Brush Settings
Drawpile has support for four kinds of brushes: round pixel, square pixel, soft round and MyPaint brushes. These can all be configured to give many kinds of different effects.
The brush settings dock and dialog let you configure an individual brush. Brush presets let you save and load brushes that you configured.
Brush Settings Dock
The brush settings dock is part of the Tool dock. They appear when you select a tool involving brushes, such as the brush, eraser or line tool. If you don’t see it, you can turn it on via View → Docks → Tool. If you don’t see it despite enabling it, it may be hidden behind another dock in a tab. On mobile and other small screen devices, it is behind the brush button at the top-left of the canvas.
Drawpile gives you five Brush Slots and an extra sixth one for an eraser brush. The default keyboard shortcuts are on the buttons 1 to 6. The idea is that you put the set of brushes you want to draw with into these slots and toggle between them, letting you pick a different set depending on which picture you’re working on.
It also gives you direct access to several common settings.
You can choose the Brush Engine, between round pixel, square pixel, soft and MyPaint brush.

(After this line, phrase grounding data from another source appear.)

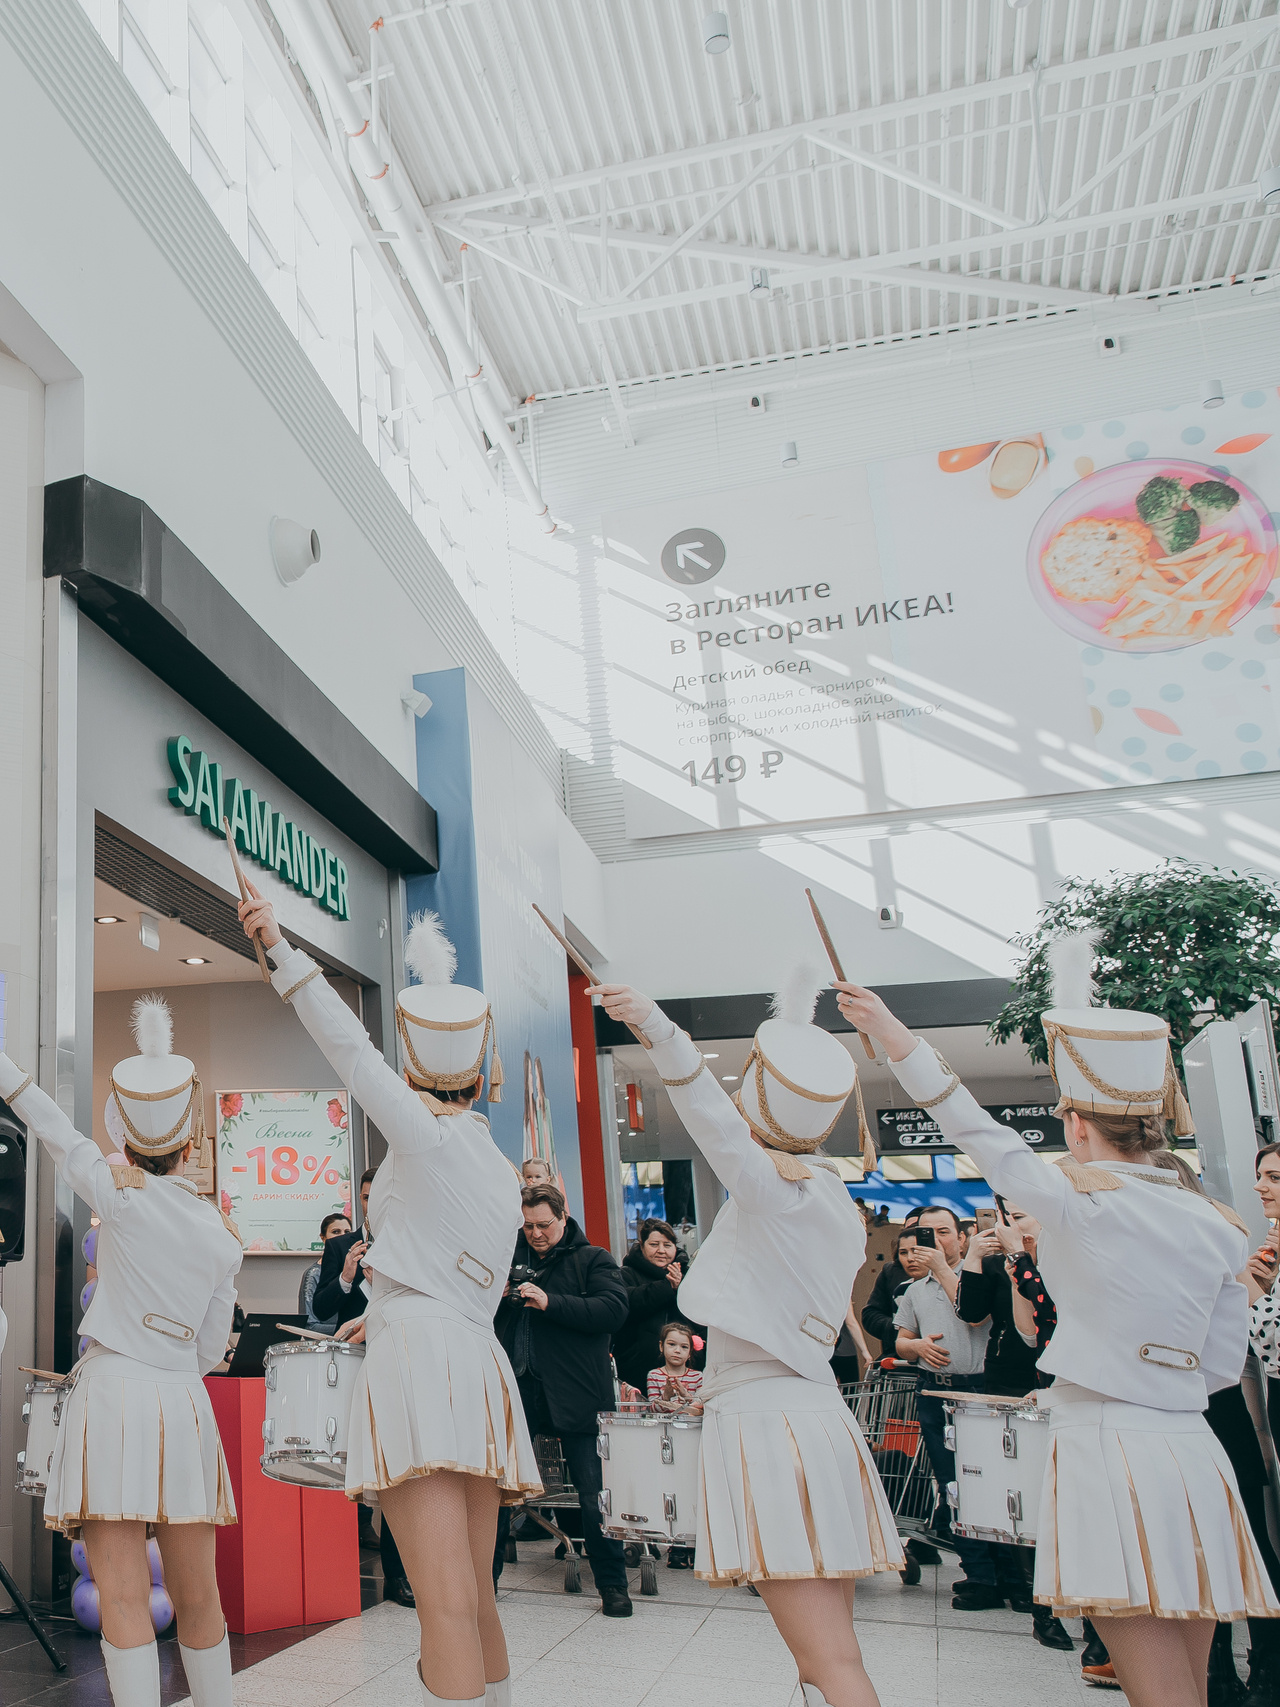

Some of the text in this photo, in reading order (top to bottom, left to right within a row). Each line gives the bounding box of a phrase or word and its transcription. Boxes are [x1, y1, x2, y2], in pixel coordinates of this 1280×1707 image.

[666, 582, 831, 622] Загляните
[669, 592, 955, 655] в Ресторан ИКЕА!
[672, 658, 811, 691] Детский обед
[675, 676, 888, 715] Куриная оладья с гарниром
[677, 690, 893, 730] на выбор, шоколадное яйцо
[678, 701, 944, 746] с сюрпризом и холодный напиток
[681, 754, 747, 787] 149
[167, 734, 352, 921] SALAMANDER
[255, 1120, 313, 1139] Весна
[895, 1111, 925, 1121] ИКЕА
[1016, 1106, 1048, 1117] ИКЕА
[232, 1146, 340, 1186] -18%
[252, 1193, 283, 1201] ДАРИМ

Different brush engines allow for different settings.
You can pick which Blend Mode you want to draw with. Most blend modes preserve alpha, see the help article on alpha lock for more information. MyPaint brushes do not have this option, instead they have a single button to toggle alpha lock mode.

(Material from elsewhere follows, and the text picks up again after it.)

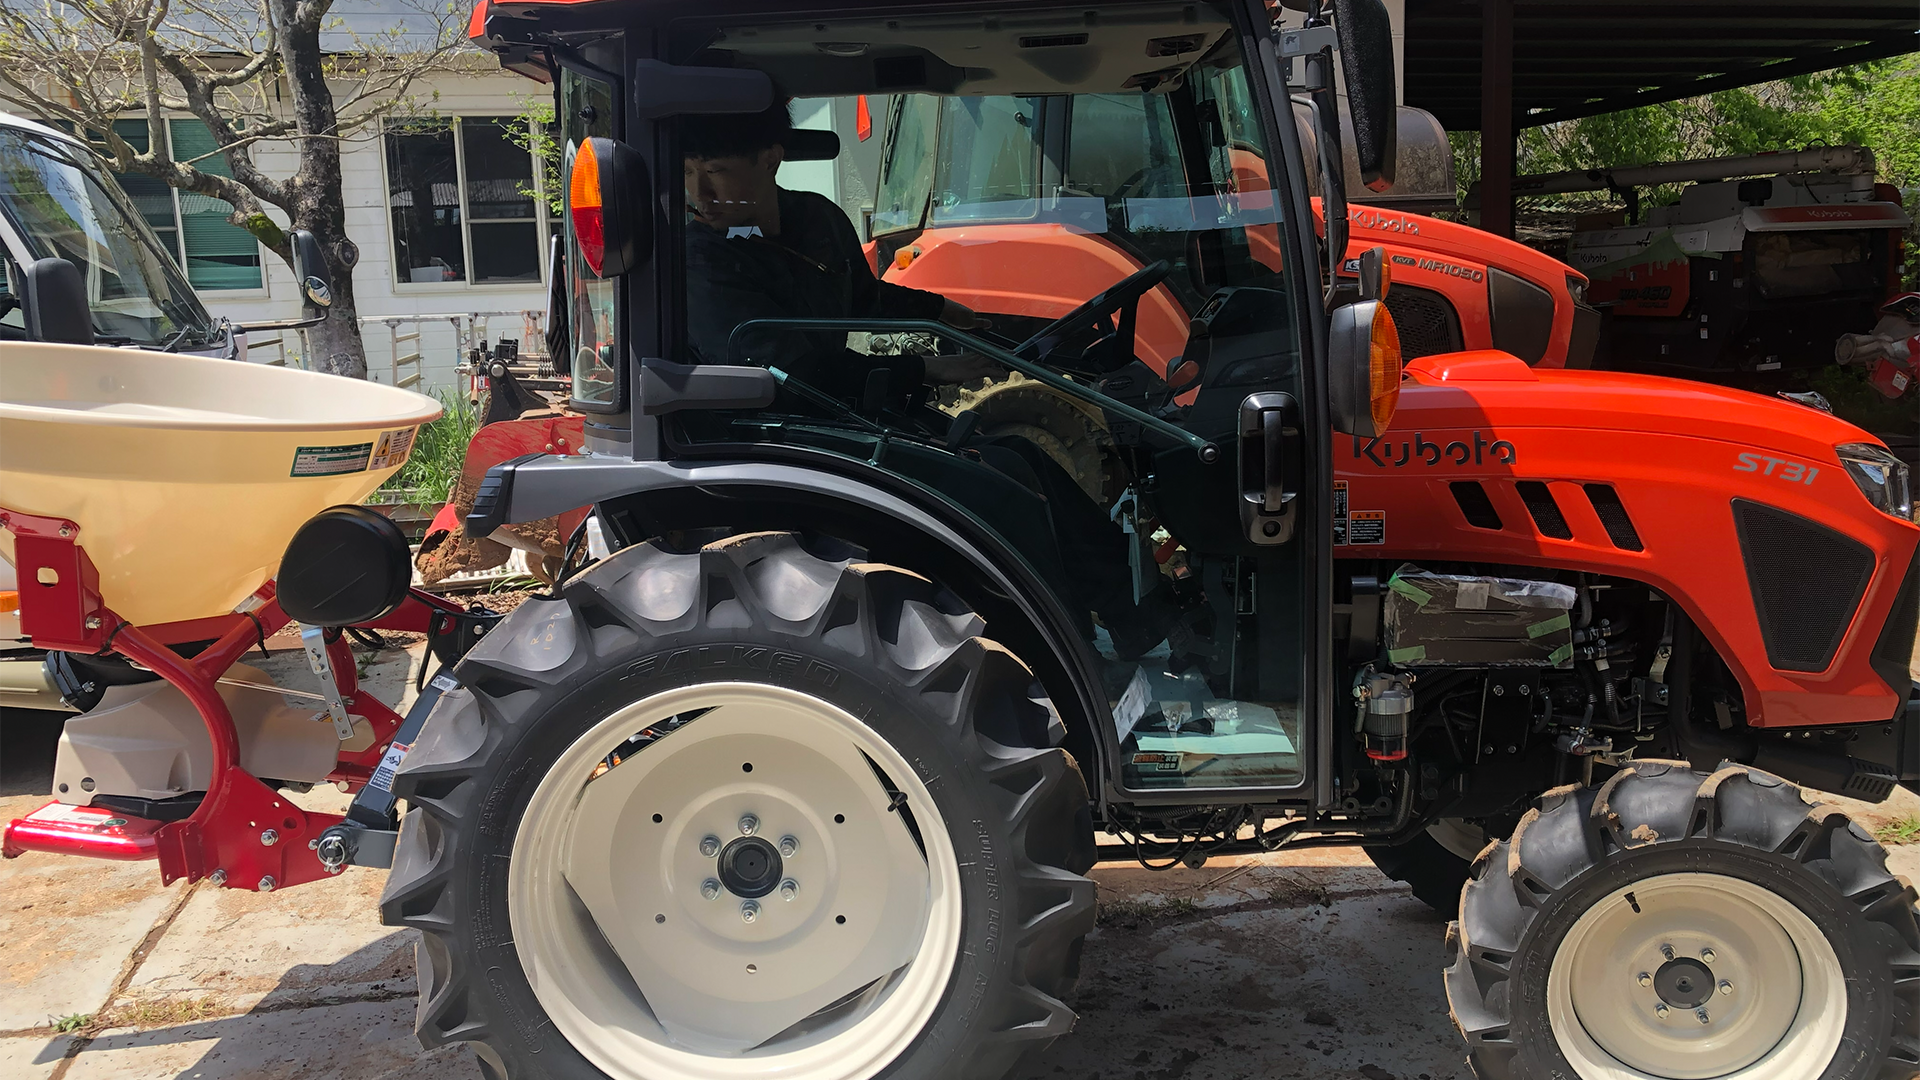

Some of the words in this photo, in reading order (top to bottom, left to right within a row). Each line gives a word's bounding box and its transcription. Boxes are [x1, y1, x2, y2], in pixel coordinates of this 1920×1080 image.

The Pick Initial Color toggle makes brush pick up the color from the canvas where you put your pen down. This can be used to set up smudge brushes. MyPaint brushes don’t have this button, they have more intricate smudge controls in the brush settings dialog instead.

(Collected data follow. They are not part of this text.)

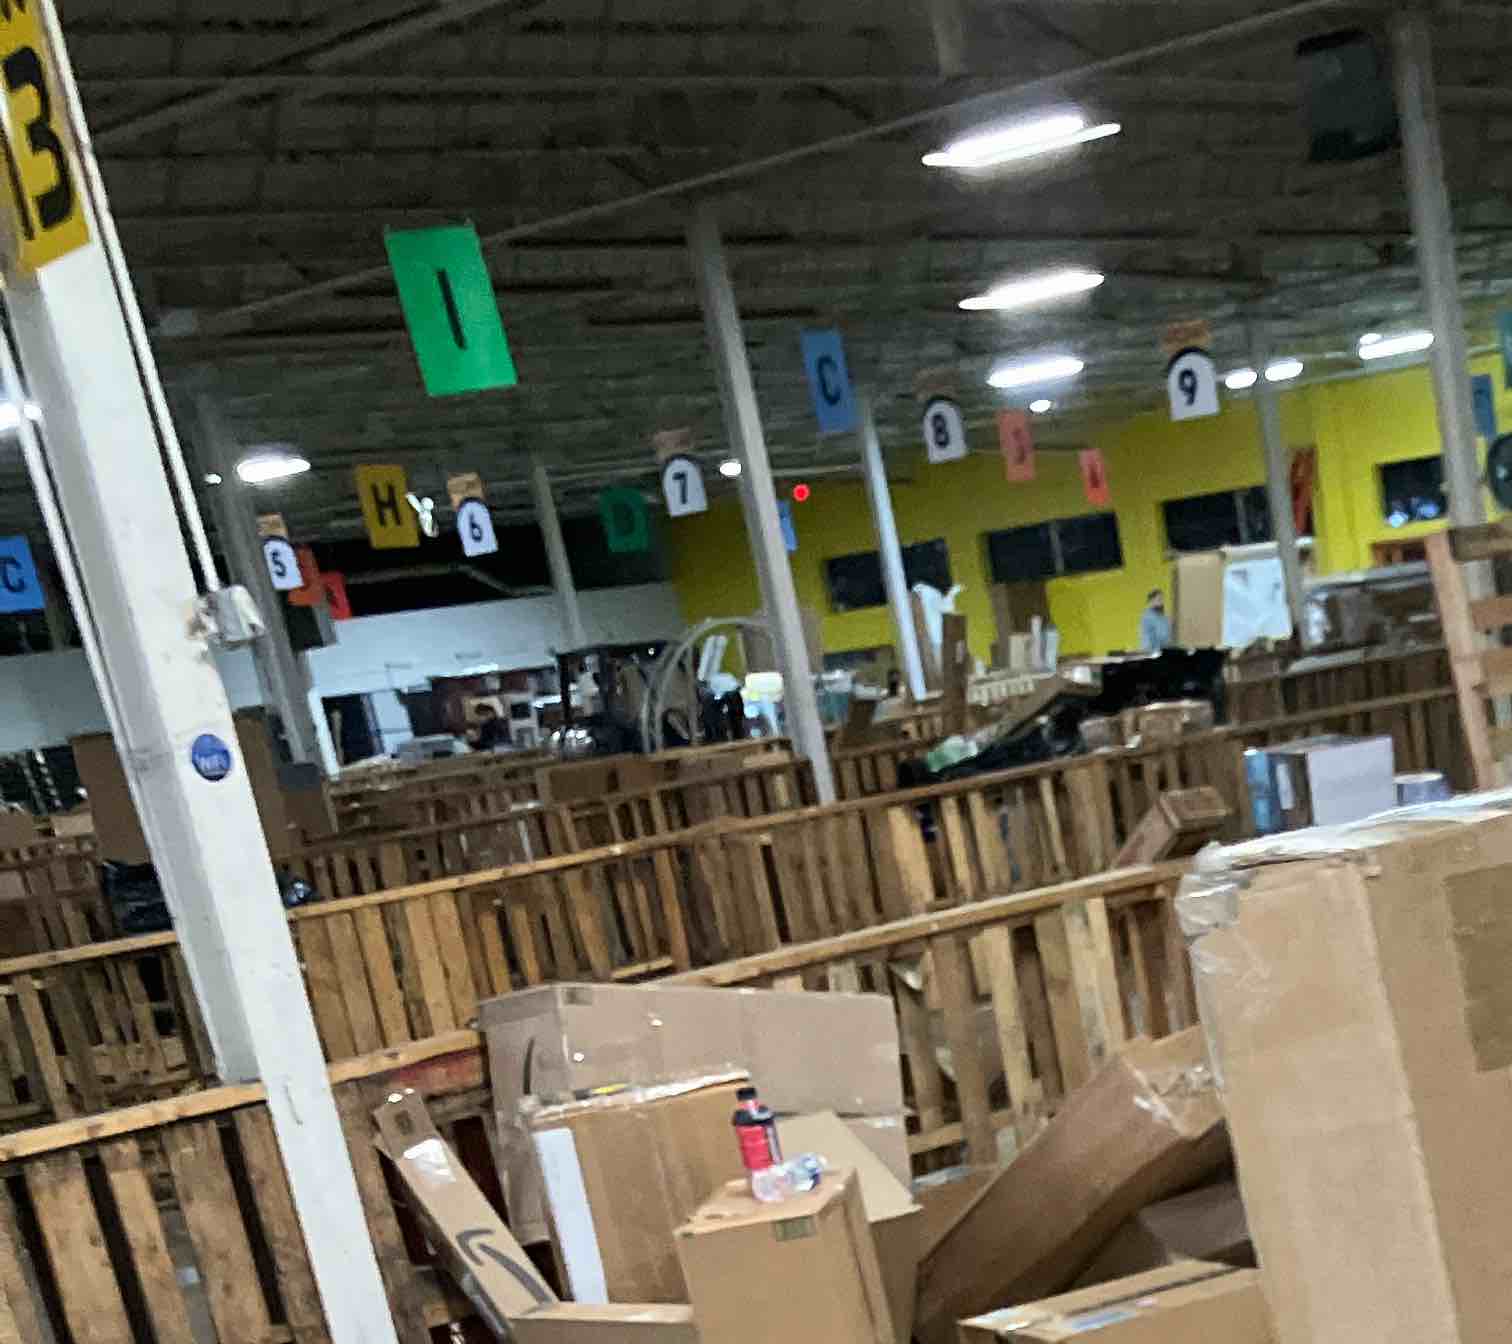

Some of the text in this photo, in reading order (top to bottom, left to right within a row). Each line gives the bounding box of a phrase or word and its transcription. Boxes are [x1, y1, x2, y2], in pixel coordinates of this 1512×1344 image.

[3, 46, 75, 230] 3
[817, 355, 840, 407] C
[1178, 367, 1199, 406] 9
[931, 413, 950, 449] 8
[370, 481, 403, 527] H
[672, 471, 688, 505] 7
[469, 512, 484, 543] 6
[0, 556, 26, 592] C
[270, 550, 287, 578] 5

The Erase Mode toggle lets you switch the current brush to an eraser and back. This is how erasers work in Krita, for example.
The Direct Mode switches between direct and indirect mode. Direct mode will cause opacity to keep building up within an individual stroke, indirect mode will limit it within a single stroke instead. In Krita, these are called “build-up” and “wash” mode, respectively. Other software calls them “flow” and “opacity”.
The Quick Access Sliders let you configure the most common brush settings. The Dynamics toggles turn on or off brush dynamics for those settings. Which sliders are visible depends on the brush engine, MyPaint brushes have more intricate dynamics controls in the brush settings dialog instead.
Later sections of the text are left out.